Perhaps as important as the Alpha score one finds is how useful the construct being measured is shown to be. If one obtains a relatively low score for a construct, but then shows that such a construct still statistically associated with relevant dependent variables, it can be argued that, in spite of the high level of "noise" involved in the measurement, said construct has a robust enough relationship to the dependent variable so as to still be observable. On the other hand, if a low level of reliability is found and there are no significant associations to relevant variables, one cannot say whether this happened because such a relationship does not exist or simply because there is too much noise in the measurement.

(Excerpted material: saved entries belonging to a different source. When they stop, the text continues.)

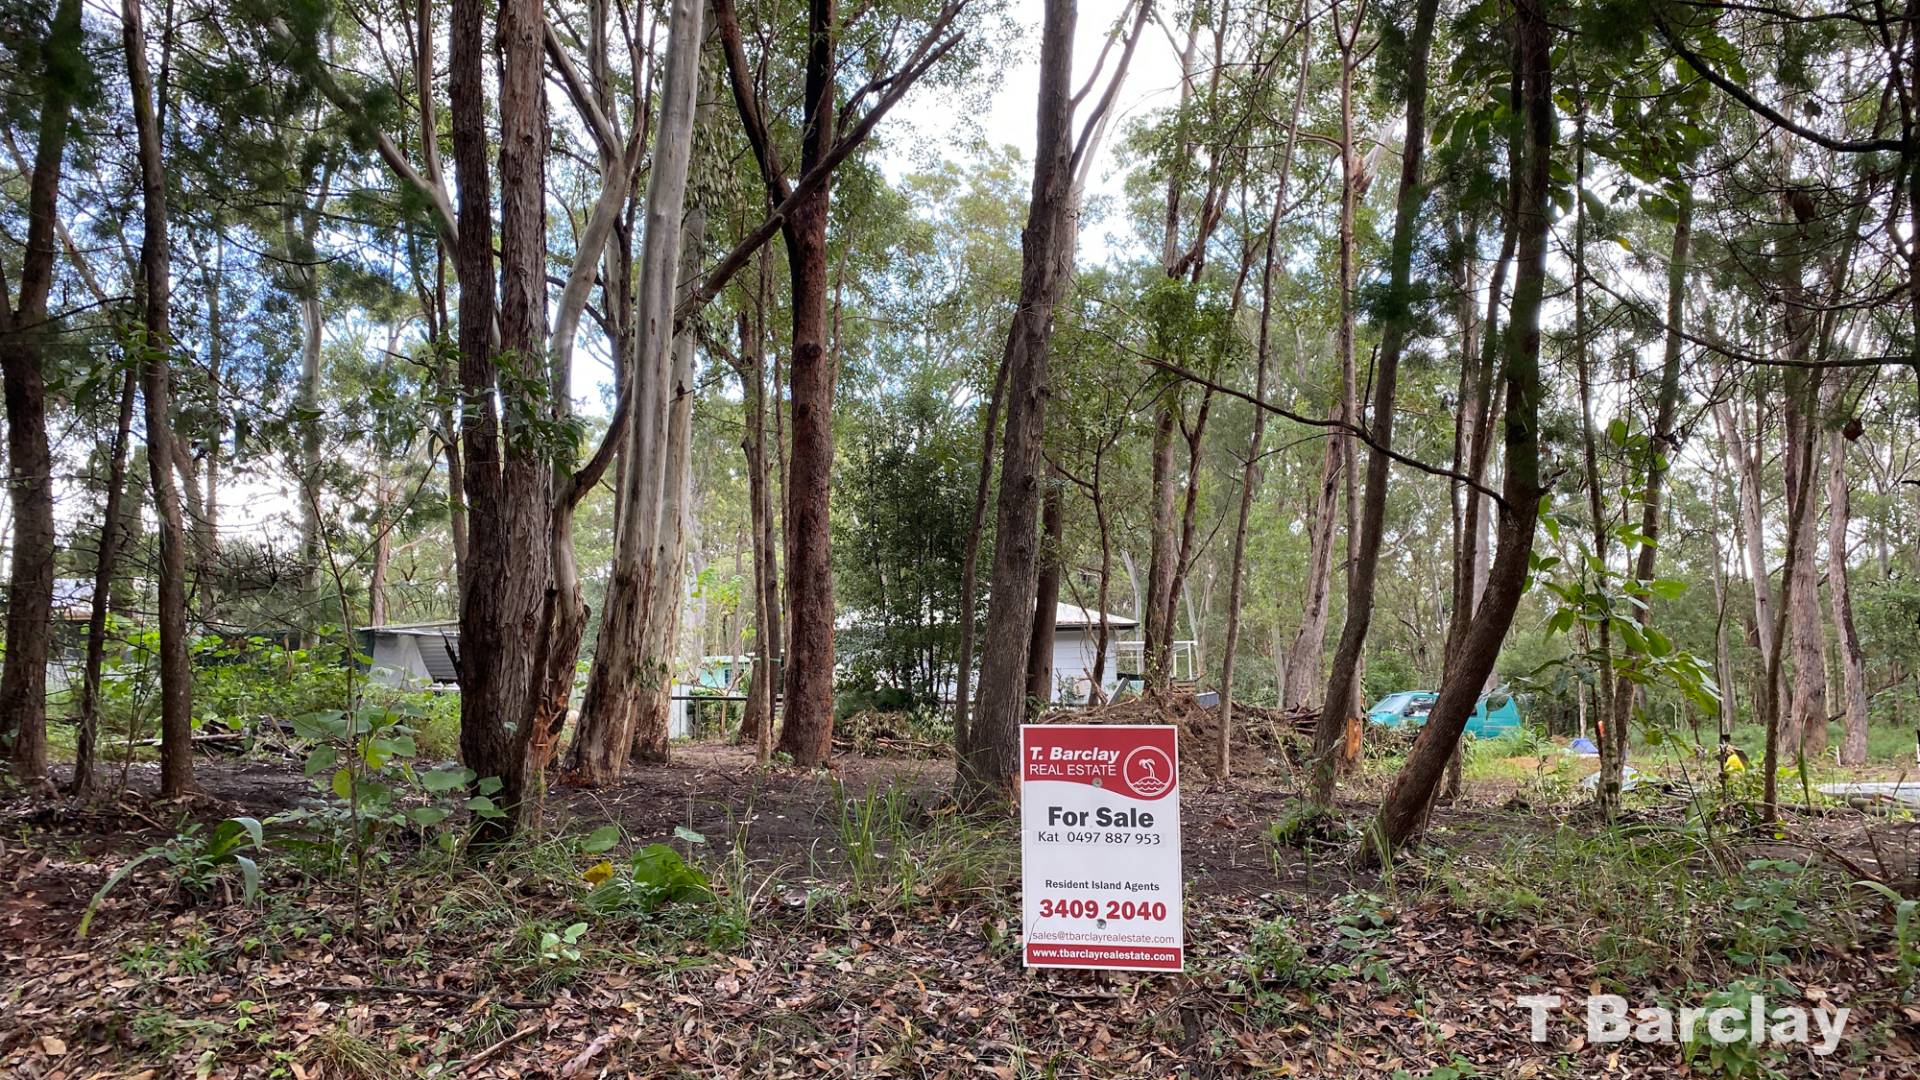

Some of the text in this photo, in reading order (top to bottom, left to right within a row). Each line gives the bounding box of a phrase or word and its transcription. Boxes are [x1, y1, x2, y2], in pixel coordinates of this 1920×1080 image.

[1030, 747, 1120, 764] T. Barclay
[1030, 764, 1116, 776] REAL ESTATE
[1048, 806, 1154, 828] For Sale
[1038, 831, 1160, 845] Kat 0497 887 953
[1045, 880, 1160, 892] Resident Island Agents
[1039, 899, 1167, 921] 3409 2040
[1032, 931, 1175, 944] sales@tbarclayrealestate.com
[1032, 948, 1176, 962] www.tbarclayrealestate.com

Therefore, maybe the best way to deal with this would be to:
A) Accept any constructs with a Cronbach Alpha score of .60 or more, also accepting any associations, or lack thereof, with them;
B) Accept constructs with a lower Cronbach Alpha score, but still, say, of .50 or more, if they are shown to be statistically associated to relevant variables.

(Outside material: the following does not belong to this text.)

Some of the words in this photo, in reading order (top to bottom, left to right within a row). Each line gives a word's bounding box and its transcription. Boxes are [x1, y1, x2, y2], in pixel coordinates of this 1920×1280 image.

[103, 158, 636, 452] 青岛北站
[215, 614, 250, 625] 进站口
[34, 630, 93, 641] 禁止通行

C) Reject any constructs with a Cronbach Alpha score of less than .60 if f they are not shown to be statistically associated to relevant variables.
Of course, the hard part is to get the publishers and reviewers of scientific journals and seminars on board with this. Regardless, it is what makes sense to me.
1 Recommendation
Dear Sir,
Cronbach’s Alpha is a commonly employed index of test reliability.
Nunnally (1967) defined reliability as "the extent to which [measurements] are repeatable and that any random influence which tends to make measurements different from occasion to occasion is a source of measurement error" (p. 206). Source Cortina, J. M. (1993). What is coefficient alpha? An examination of theory and applications. Journal of applied psychology, 78(1), 98.
Alpha coefficient ranges in value from 0 to 1 and may be used to describe the reliability of factors extracted from dichotomous (that is, questions with two possible answers) and/or multi-point formatted questionnaires or scales (i.e., rating scale: 1 = poor, 5 = excellent).
The higher the score, the more reliable the generated scale is.
Nunnaly (1978) has indicated 0.7 to be an acceptable reliability coefficient but lower thresholds are sometimes used in the literature. Source Santos, J. R. A. (1999). Cronbach’s alpha: A tool for assessing the reliability of scales. Journal of extension, 37(2), 1-5.
Nunnally changed his reliability recommendations from his 1967 edition of Psychometric Theory in his 1978 edition. In 1967, he recommended that the minimally acceptable reliability for preliminary research should be in the range of .5 to .6, where as in 1978 he increased the recommended level to .7 (without explanation). Source Peterson, R. A. (1994). A meta-analysis of Cronbach's coefficient alpha. Journal of consumer research, 21(2), 381-391.
Table 1 Selected recommended reliability Levels on Page number 382 in Peterson, R. A. (1994). A meta-analysis of Cronbach's coefficient alpha. Journal of consumer research, 21(2), 381-391.
The coefficients alpha ranged from .06 to .99 with a mean of .77 and a median of .79. Peterson, R. A. (1994).
Reliability is concerned with the ability of an instrument to measure consistently.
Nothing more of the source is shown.